Ils avaient postulé auprès du centre de recherche privé Biotrial, à Rennes, pour tester, par voie orale, une nouvelle molécule du laboratoire portugais Bial à visées psychiatrique (anxiété, troubles de l'humeur) et neurologique (troubles moteurs).

Ces tests sont réalisés sur des volontaires, moyennant rétribution.

L'essai en question en était à sa phase clinique 1, après des tests chez l'animal. Les premiers symptômes sont apparus le 10 janvier sur un volontaire.

La procédure, interrompue le 11 janvier, prévoyait 128 volontaires, mais 90 ont pris la molécule à doses variées, d'autres ont reçu un placebo. Les six patients hospitalisés sont ceux qui avaient testé la plus forte dose.

Les 84 autres personnes volontaires ayant été "exposées" au médicament à l’essai ont été contactées par le CHU pour une prise en charge rapide et dix d’entre elles ont d’ores et déjà été reçues samedi en consultation et ont bénéficié d’un examen au CHU, précise dimanche le groupement hospitalier dans un communiqué.

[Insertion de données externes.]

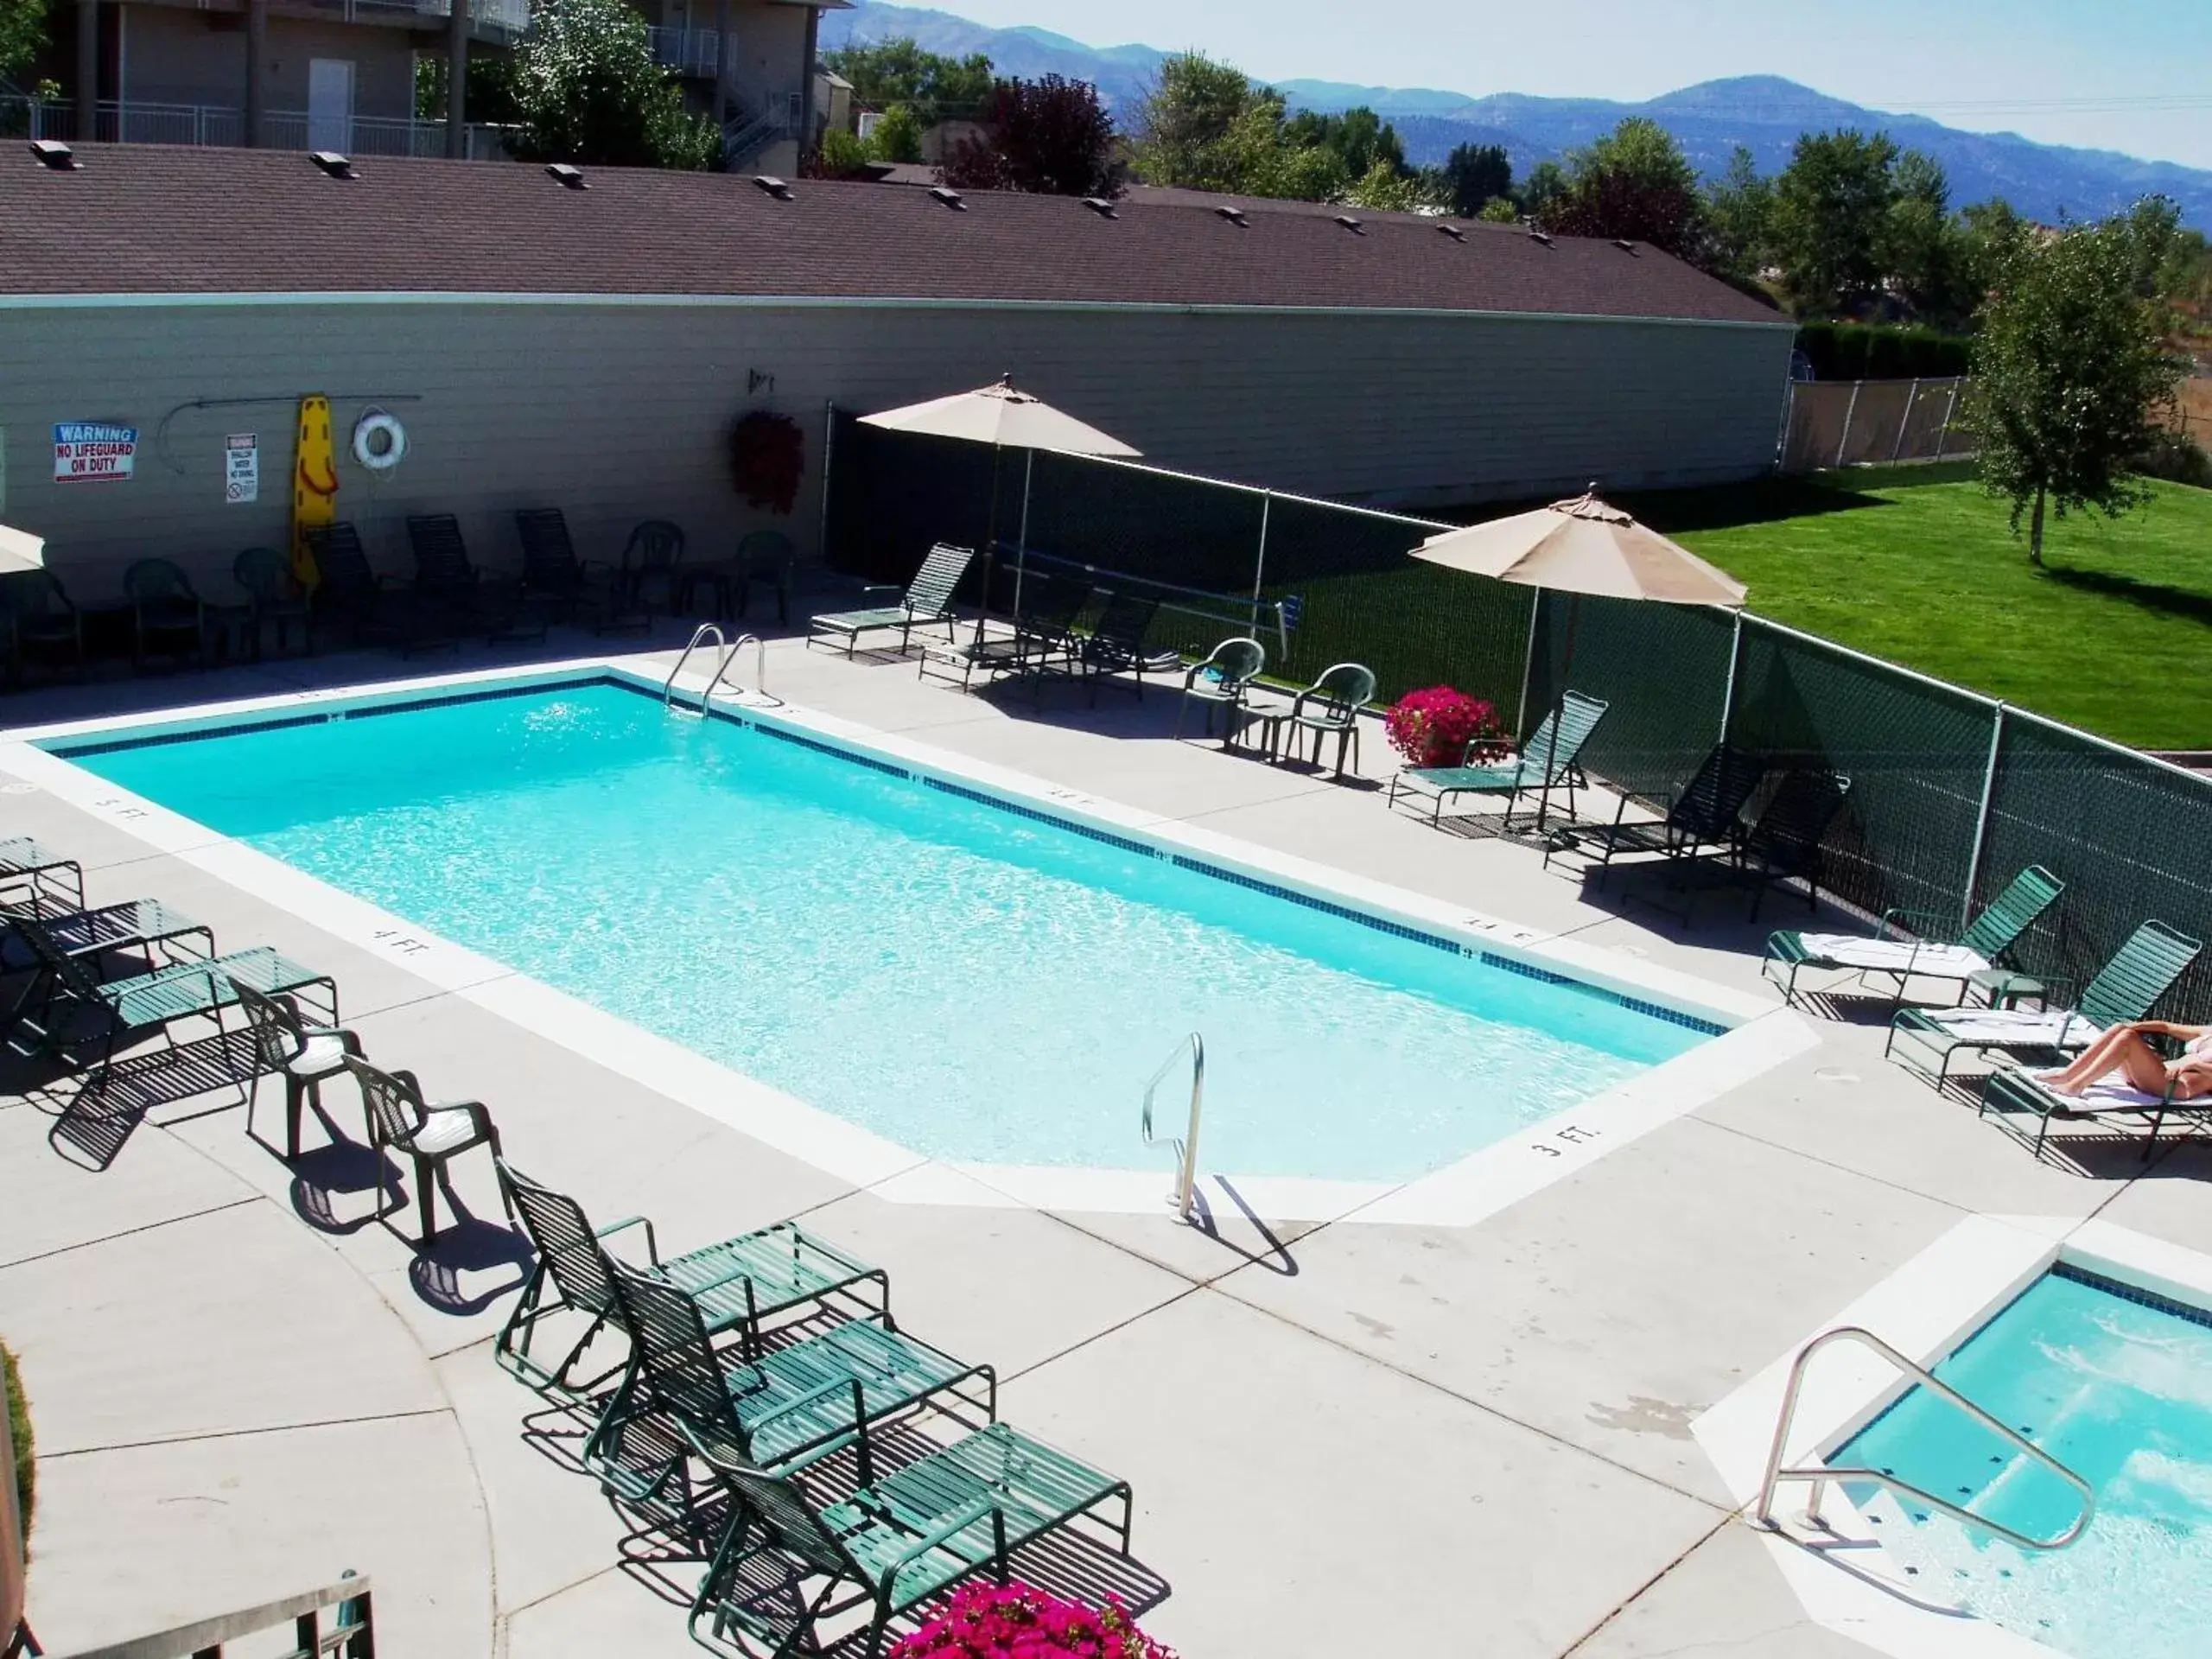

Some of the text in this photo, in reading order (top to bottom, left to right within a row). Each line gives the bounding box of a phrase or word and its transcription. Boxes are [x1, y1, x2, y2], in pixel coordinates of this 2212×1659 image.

"Les anomalies cliniques et radiologiques présentes chez les patients hospitalisés n’ont pas été retrouvées chez ces 10 volontaires", précise-t-il.

François Peaucelle, directeur-général de Biotrial, s'est brièvement adressé à la presse dimanche pour présenter ses condoléances à la famille du patient décédé, évoquant une "situation accidentelle et imprévisible."

"On est toujours dans l'inexplicable, en tout cas dans l'inexpliqué", a-t-il dit dans l'attente d'un communiqué de la société.

Trois enquêtes ont été diligentées à la suite de cet accident sans précédent en France : l’une par la police judiciaire, une autre par l’Agence nationale de sécurité des médicaments (ANSM) et une troisième par l’Inspection générale des affaires sociales (Igas).